**Recorded data:**
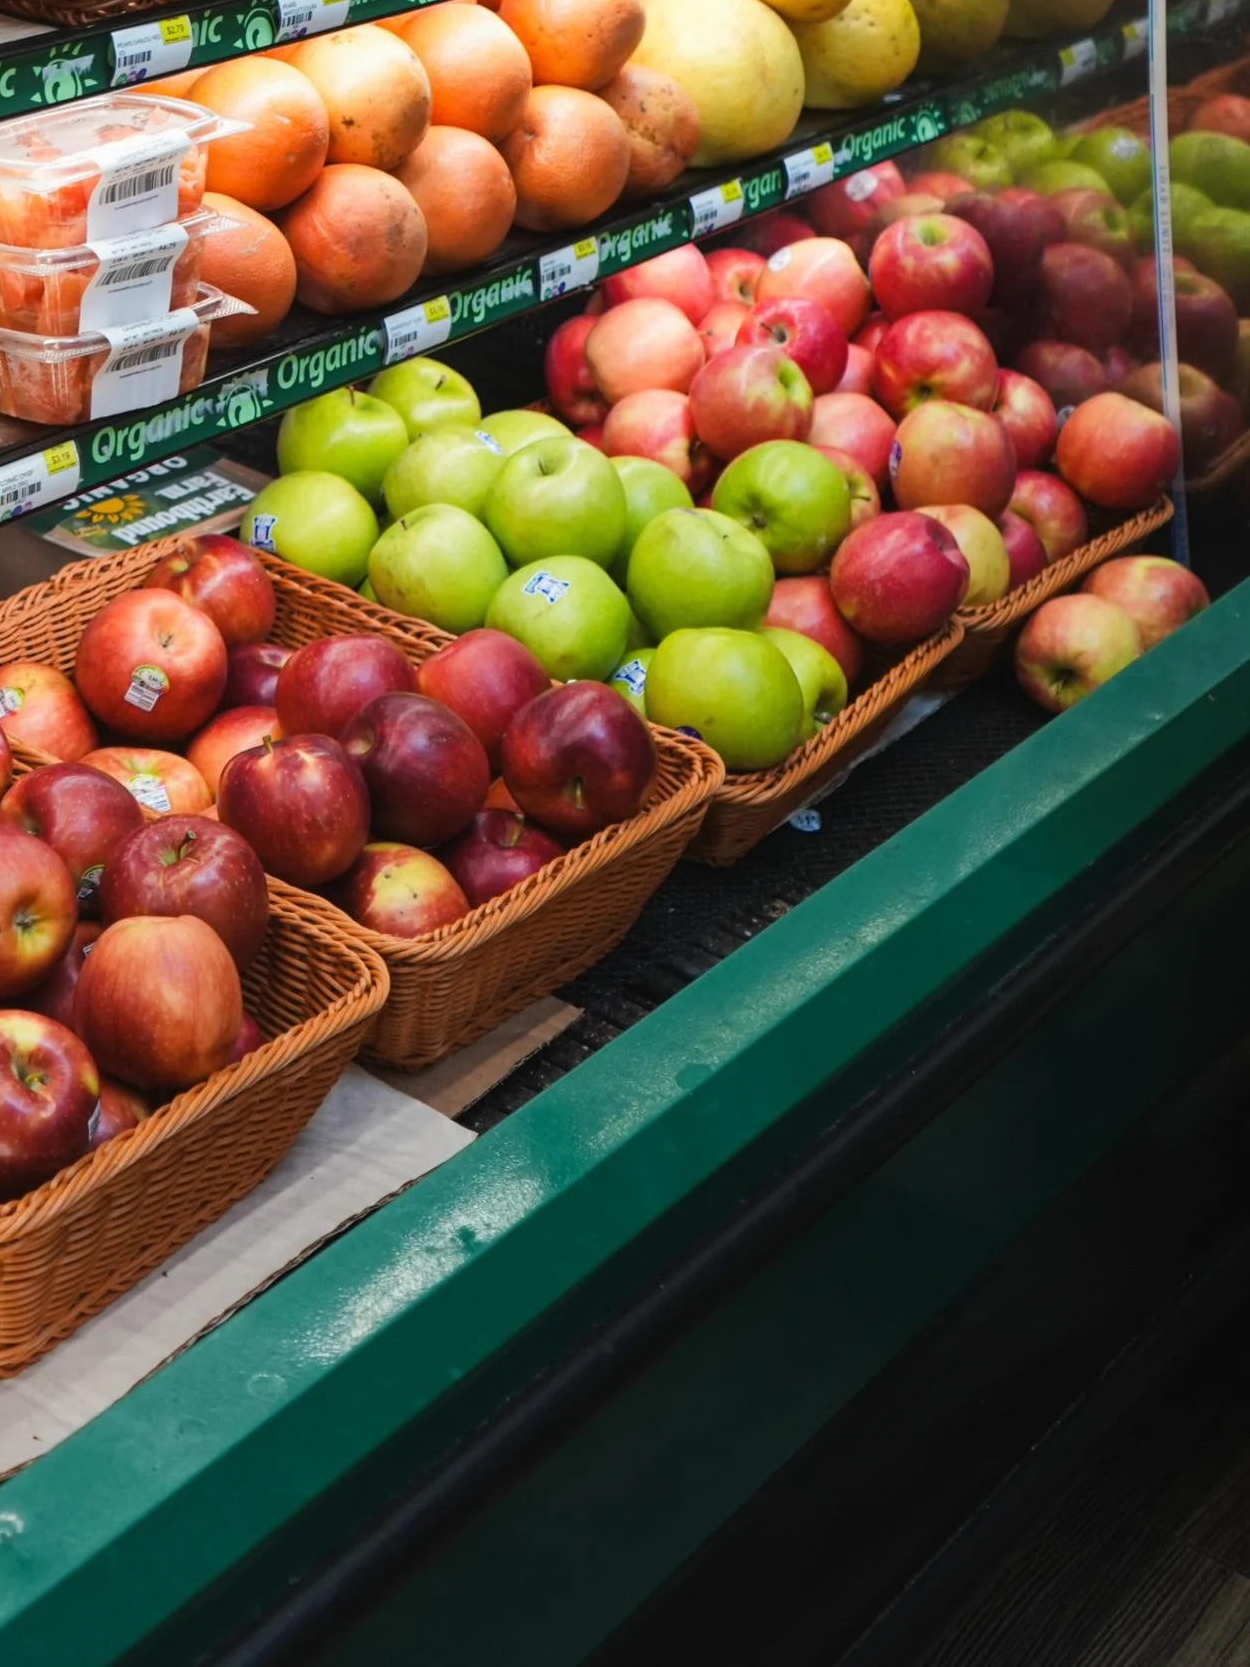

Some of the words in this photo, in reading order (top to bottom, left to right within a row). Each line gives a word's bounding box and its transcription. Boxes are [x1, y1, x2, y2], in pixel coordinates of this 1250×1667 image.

[166, 23, 185, 36] $2.79
[842, 114, 906, 162] Organic
[743, 169, 781, 208] rgan
[599, 212, 673, 264] Organic
[448, 266, 533, 324] Organic
[277, 328, 380, 391] Organic
[92, 395, 206, 466] Organic
[52, 452, 70, 466] $3.19
[155, 471, 232, 500] Farm
[111, 483, 256, 546] Earthbound
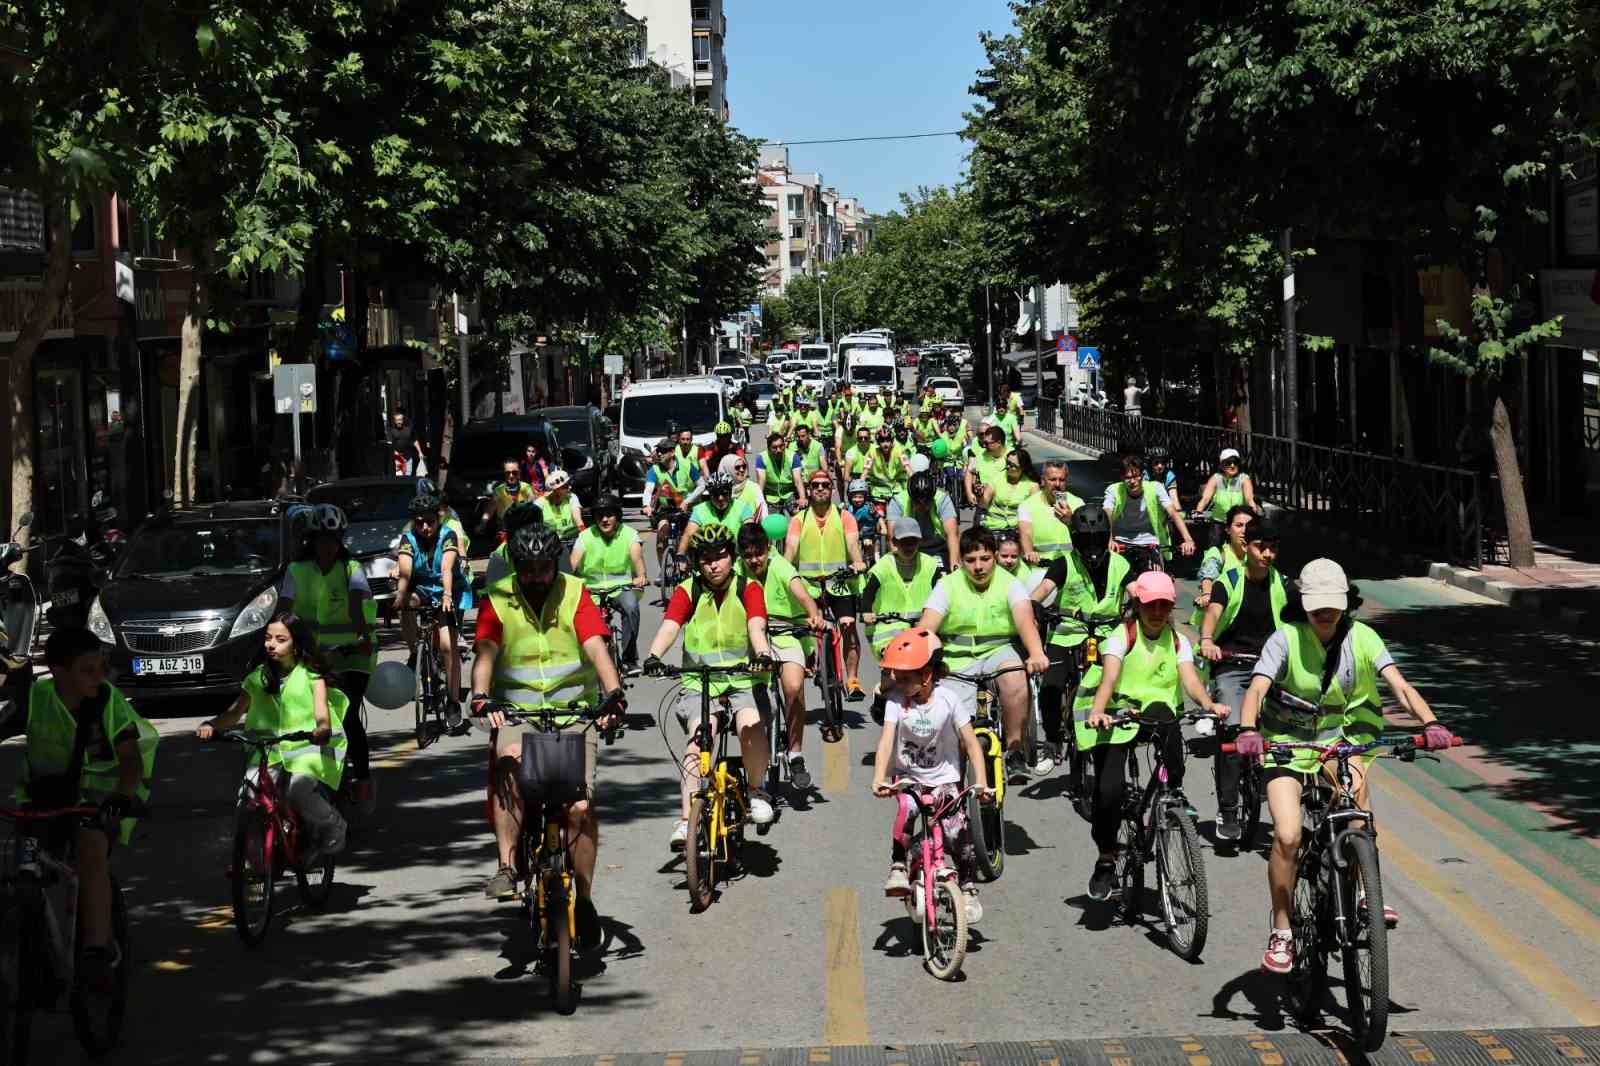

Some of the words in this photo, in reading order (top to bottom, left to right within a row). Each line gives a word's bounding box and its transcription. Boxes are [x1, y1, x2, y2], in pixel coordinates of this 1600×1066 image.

[141, 660, 153, 672] 35
[159, 659, 178, 671] AGZ
[182, 658, 202, 671] 318
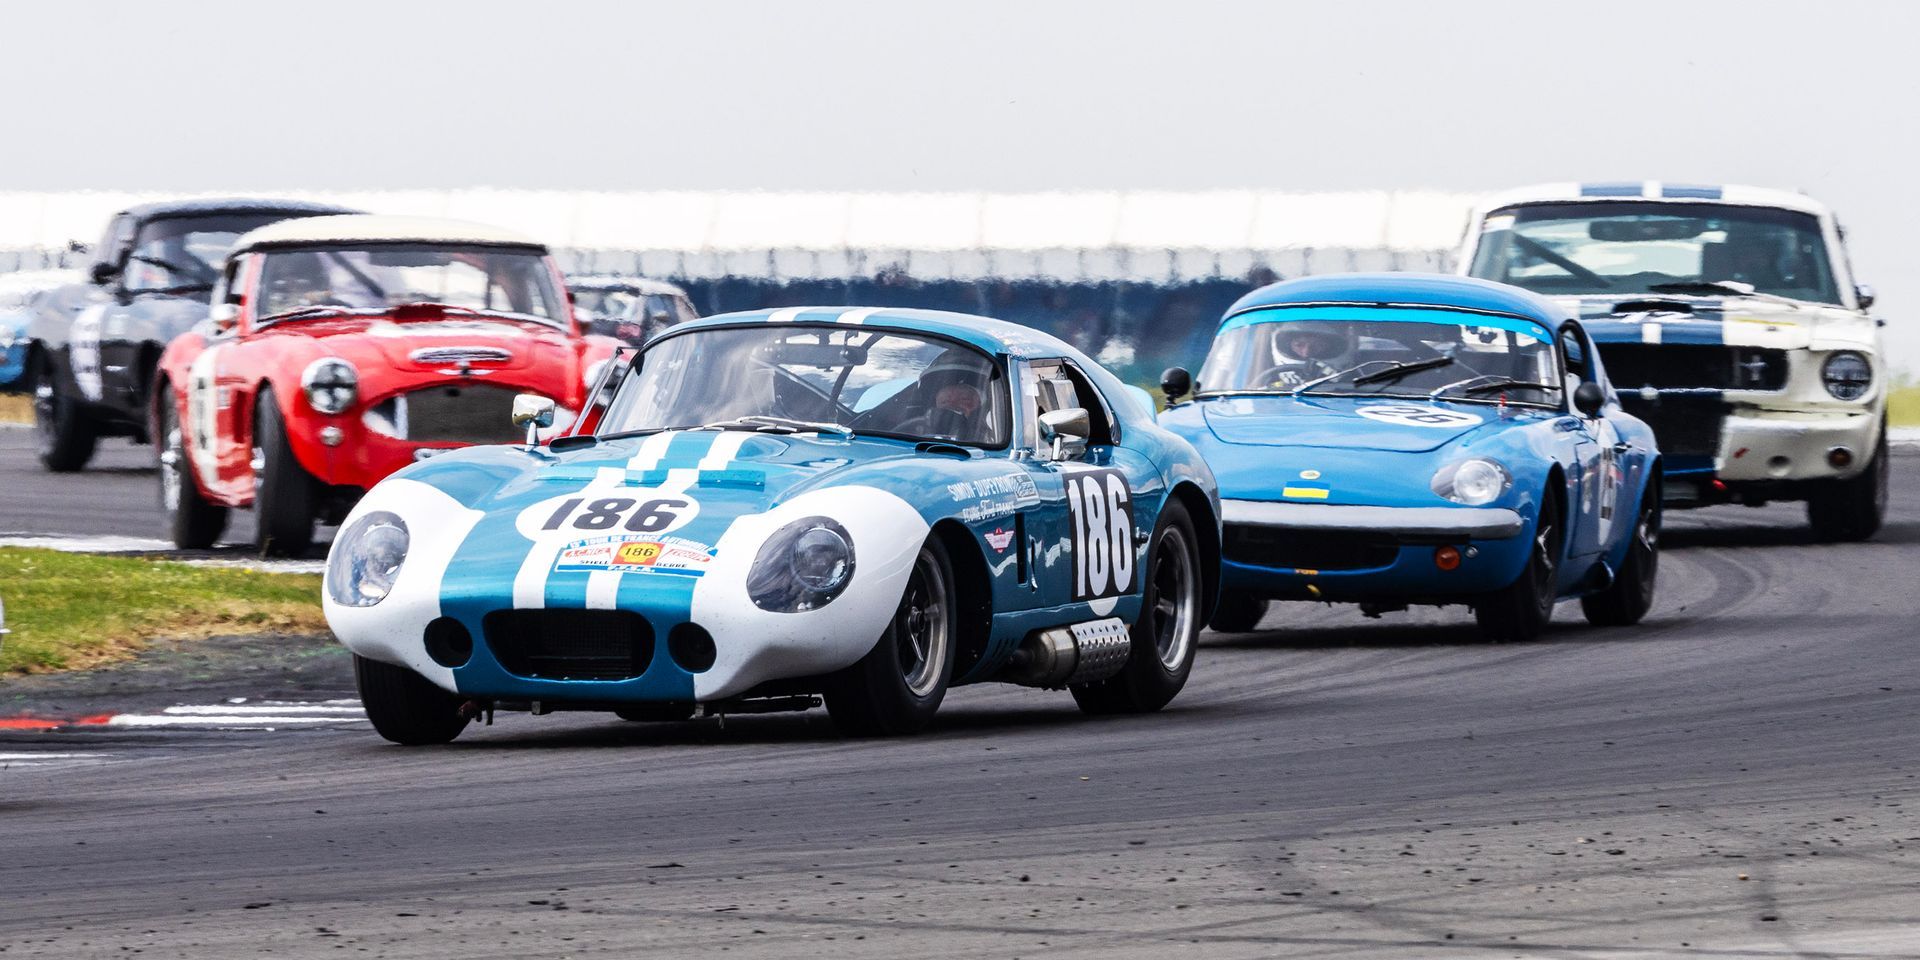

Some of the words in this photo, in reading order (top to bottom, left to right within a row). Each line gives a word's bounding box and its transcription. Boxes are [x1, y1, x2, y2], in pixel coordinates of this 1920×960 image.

[1365, 407, 1468, 423] 26
[541, 498, 688, 532] 186
[584, 537, 609, 546] TOUR
[610, 535, 624, 543] DE
[624, 534, 661, 543] FRANCE
[1068, 473, 1133, 597] 186
[624, 547, 655, 557] 186

**Your assignment:**
Omit the pictures and print the listing exactly.

**Response:**
Some of the words in this photo, in reading order (top to bottom, left to right within a row). Each line gives a word's bounding box and its transcription. Boxes are [x1, y1, x2, y2], in pixel coordinates of this 1250×1667 image.

[166, 23, 185, 36] $2.79
[842, 114, 906, 162] Organic
[743, 169, 781, 208] rgan
[599, 212, 673, 264] Organic
[448, 266, 533, 324] Organic
[277, 328, 380, 391] Organic
[92, 395, 206, 466] Organic
[52, 452, 70, 466] $3.19
[155, 471, 232, 500] Farm
[111, 483, 256, 546] Earthbound

Some of the words in this photo, in reading order (top to bottom, left to right within a row). Each line gives a word's bounding box and its transcription. Boxes are [x1, y1, x2, y2], in pixel coordinates of this 1600×1066 image.

[141, 660, 153, 672] 35
[159, 659, 178, 671] AGZ
[182, 658, 202, 671] 318

Some of the words in this photo, in reading order (top to bottom, left to right within a row). Each line gives a word's bounding box and its transcription. Boxes are [x1, y1, x2, y2], in pixel coordinates of this 1920×960 image.

[1365, 407, 1468, 423] 26
[541, 498, 688, 532] 186
[584, 537, 609, 546] TOUR
[610, 535, 624, 543] DE
[624, 534, 661, 543] FRANCE
[1068, 473, 1133, 597] 186
[624, 547, 655, 557] 186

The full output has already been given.